::: Extracted information :::

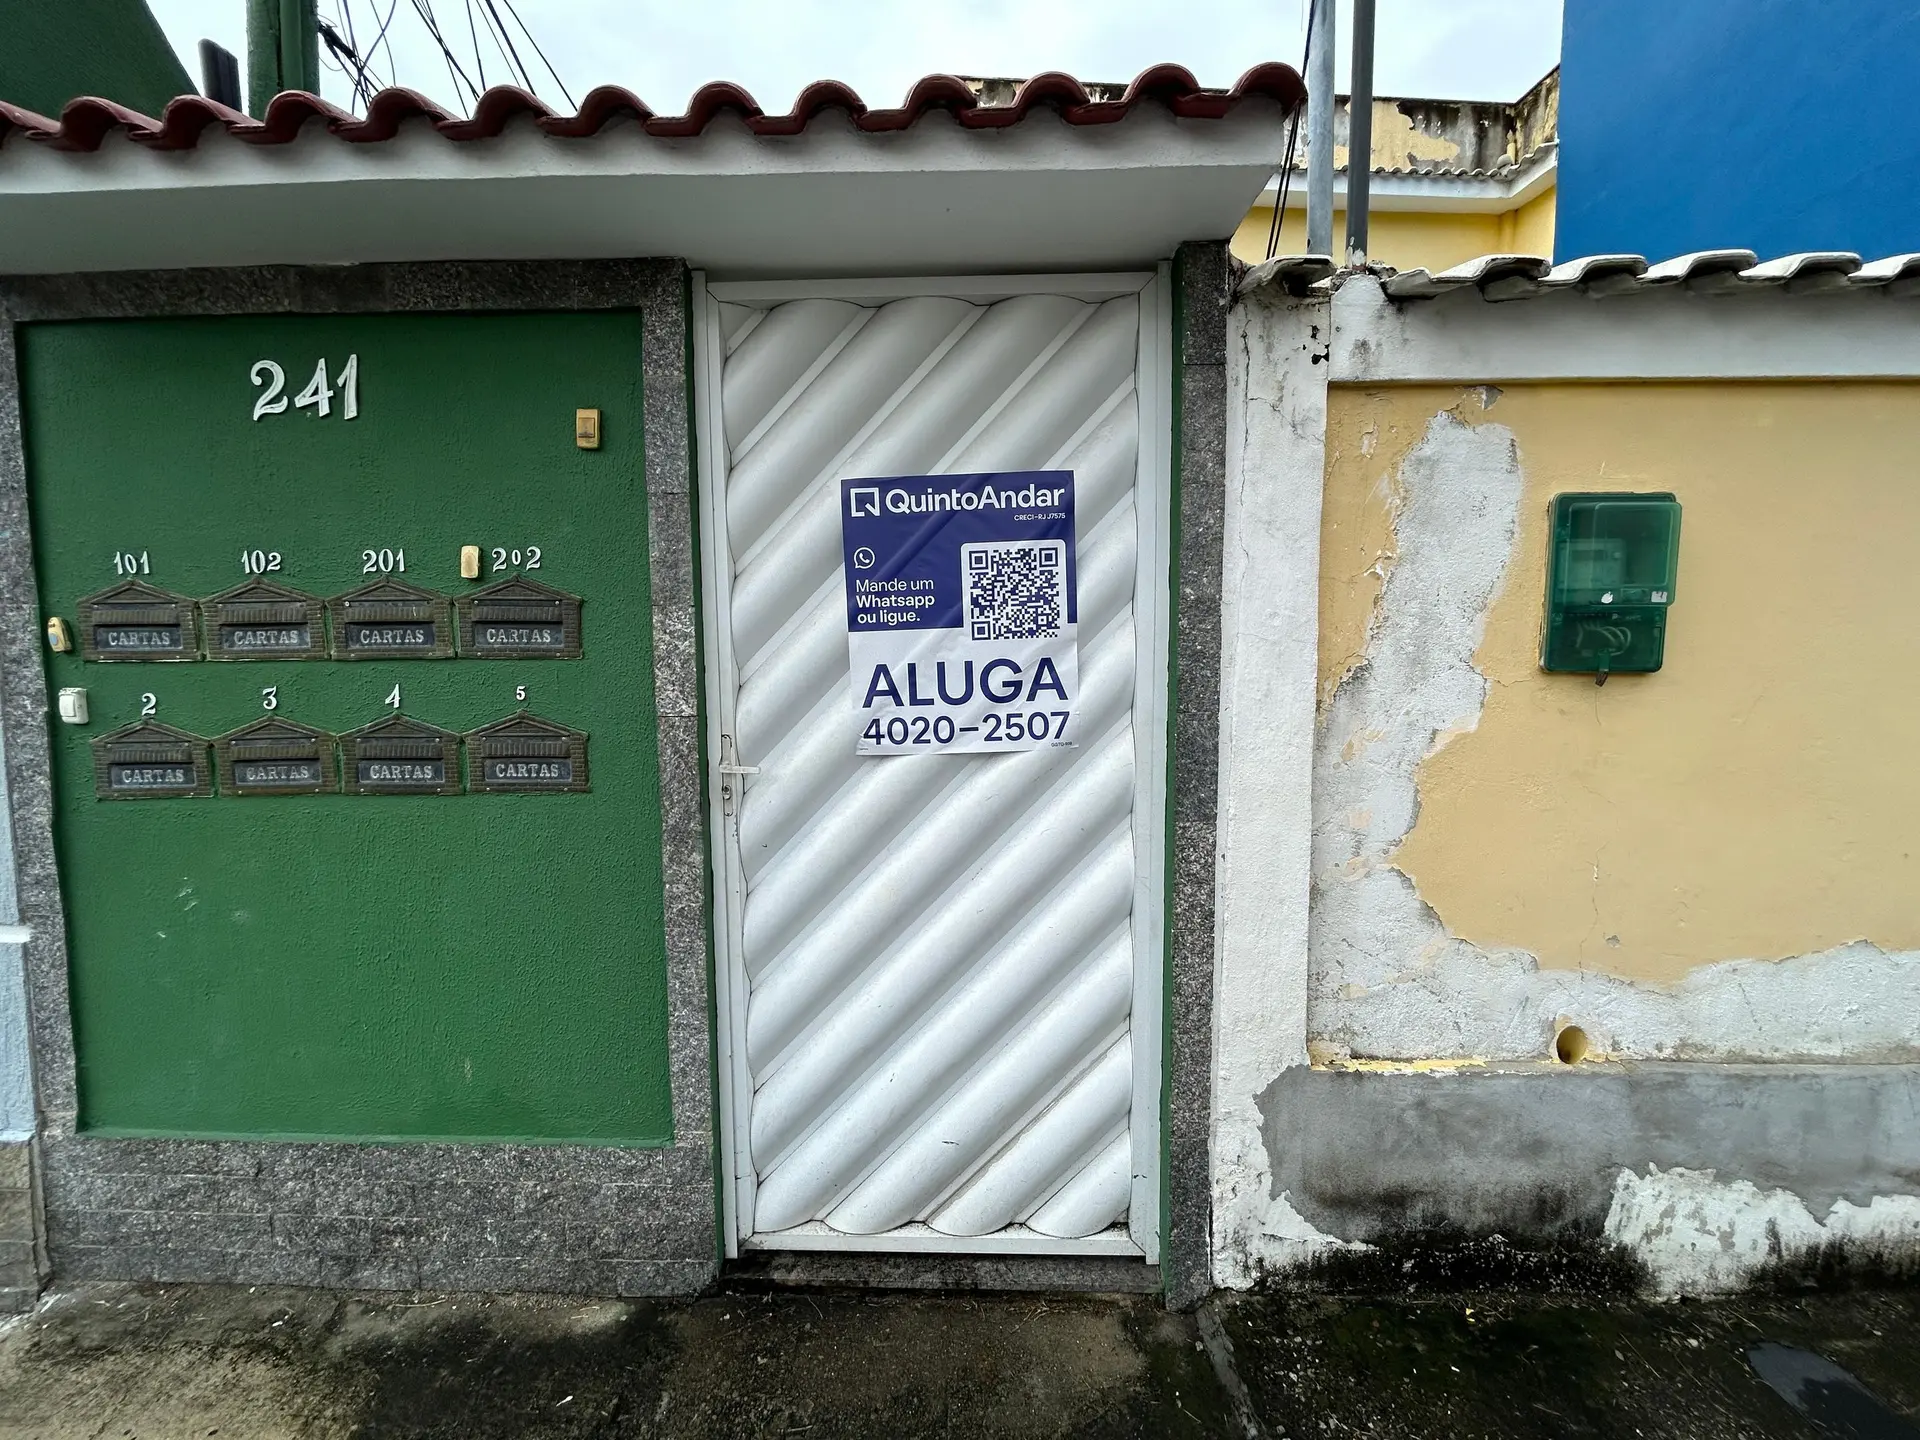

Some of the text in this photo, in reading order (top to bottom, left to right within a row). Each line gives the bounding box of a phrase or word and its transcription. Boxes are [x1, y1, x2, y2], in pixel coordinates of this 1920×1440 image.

[250, 354, 358, 421] 241
[885, 484, 1065, 514] QuintoAndar
[113, 550, 150, 575] 101
[240, 550, 282, 574] 102
[362, 548, 405, 574] 201
[492, 546, 542, 572] 202
[856, 579, 934, 593] Mande um
[856, 594, 935, 609] Whatsapp
[857, 610, 920, 626] ou ligue.
[108, 631, 170, 646] CARTAS
[234, 630, 298, 645] CARTAS
[360, 629, 424, 643] CARTAS
[486, 628, 551, 643] CARTAS
[862, 657, 1068, 708] ALUGA
[262, 685, 278, 710] 3
[384, 683, 401, 708] 4
[516, 685, 526, 700] 5
[141, 692, 157, 715] 2
[863, 711, 1070, 746] 4020-2507
[121, 769, 184, 783] CARTAS
[246, 765, 309, 781] CARTAS
[369, 764, 433, 779] CARTAS
[495, 763, 559, 777] CARTAS

:::

* _Problem to solve_
Set the records down again exactly, with no pictures.

* _Task solution_
Some of the text in this photo, in reading order (top to bottom, left to right within a row). Each line gives the bounding box of a phrase or word and its transcription. Boxes are [x1, y1, x2, y2], in pixel coordinates of this 1920×1440 image.

[250, 354, 358, 421] 241
[885, 484, 1065, 514] QuintoAndar
[113, 550, 150, 575] 101
[240, 550, 282, 574] 102
[362, 548, 405, 574] 201
[492, 546, 542, 572] 202
[856, 579, 934, 593] Mande um
[856, 594, 935, 609] Whatsapp
[857, 610, 920, 626] ou ligue.
[108, 631, 170, 646] CARTAS
[234, 630, 298, 645] CARTAS
[360, 629, 424, 643] CARTAS
[486, 628, 551, 643] CARTAS
[862, 657, 1068, 708] ALUGA
[262, 685, 278, 710] 3
[384, 683, 401, 708] 4
[516, 685, 526, 700] 5
[141, 692, 157, 715] 2
[863, 711, 1070, 746] 4020-2507
[121, 769, 184, 783] CARTAS
[246, 765, 309, 781] CARTAS
[369, 764, 433, 779] CARTAS
[495, 763, 559, 777] CARTAS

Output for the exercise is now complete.